But I would say for '07 we're looking in the range right now of $450 million or so.
But again, I reserve the right to change that depending.
Helene Becker - Analyst
Okay, and then just on one other question on the balance sheet, I see that the current portion of the long-term debt is up to 850.
Can you just go through what the components are because it looks like on a year-on-year basis the long-term debt came down quite a bit, but it looks like it just moved up to a current portion.
So maybe you could just take us through what is up for the next year on financing?
Alan Graf - EVP and CFO
There are several pieces of it.
Some of the debt that we used to purchase Kinko's is going to mature in fiscal '07.

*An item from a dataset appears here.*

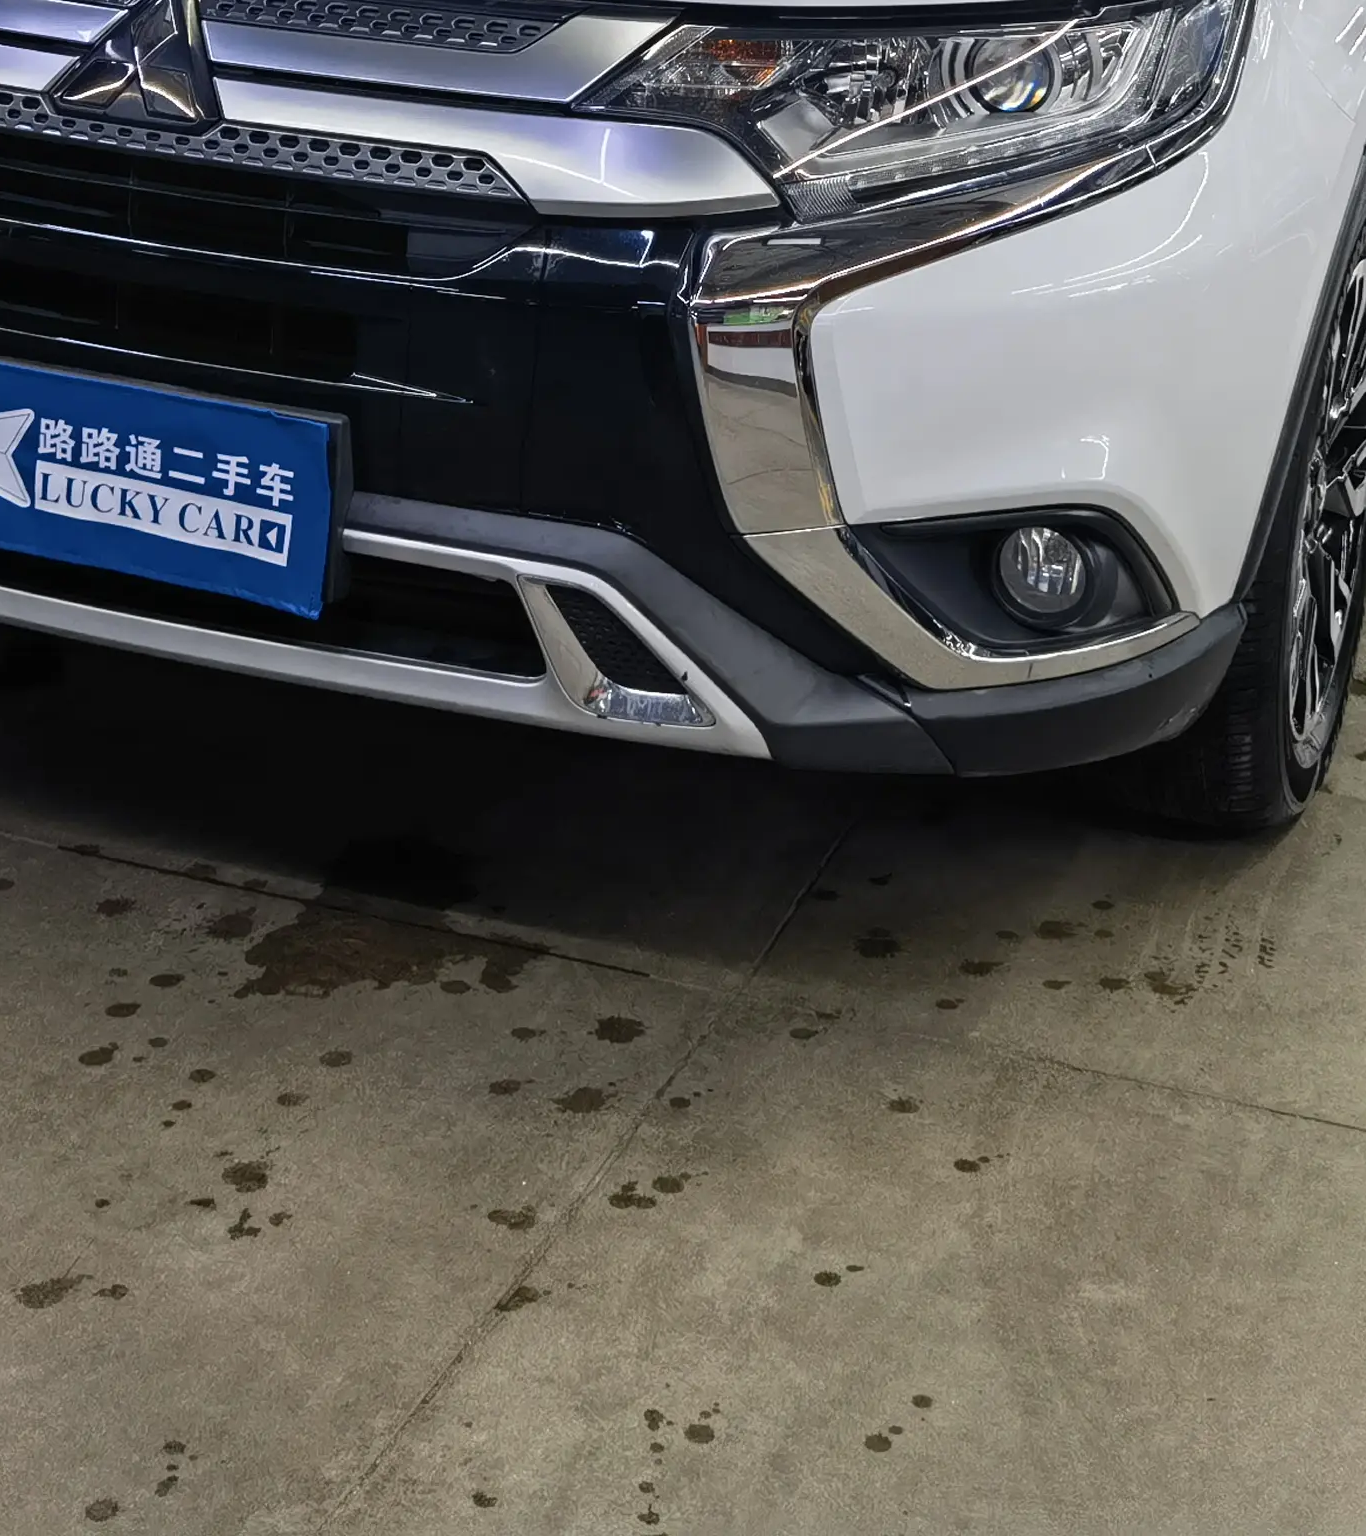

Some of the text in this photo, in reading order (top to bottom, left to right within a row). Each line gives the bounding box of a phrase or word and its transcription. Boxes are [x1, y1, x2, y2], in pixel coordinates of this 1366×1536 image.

[37, 417, 294, 507] 路路通二手车
[40, 471, 255, 547] LUCKY CAR

We have capital leases that continue to have components that mature every year.
So it is just an ongoing, normal part of our operations, and it is easily affordable for us to handle that repayment.
Fred Smith - Chairman, President and CEO
We paid down overall debt, year-over-year, what was it, Alan?
Alan Graf - EVP and CFO
It was about $370 million.
Obviously, with the cash balances that we have, and the cashflow we expect to generate, I'm not worried about the checkbook this year.
Operator
[Scott Flower] of Banc of America Securities.
Scott Flower - Analyst
Yes, good morning all.
A couple of quick questions.
I was just wondering, when I look at core yields trying to adjust for the changes in the fuel surcharge, it looks as if things on base pricing, understanding there may be mix in there, are getting firmer and I'm just wondering whether Mike Glenn or Dave Bronczek or others could comment whether is pricing just getting firmer in the marketplace?
Mike Glenn - President and CEO
Scott, I would say that we have not seen a material change in the overall pricing environment over the last several quarters, and I would say that that would probably remain consistent in FY '07.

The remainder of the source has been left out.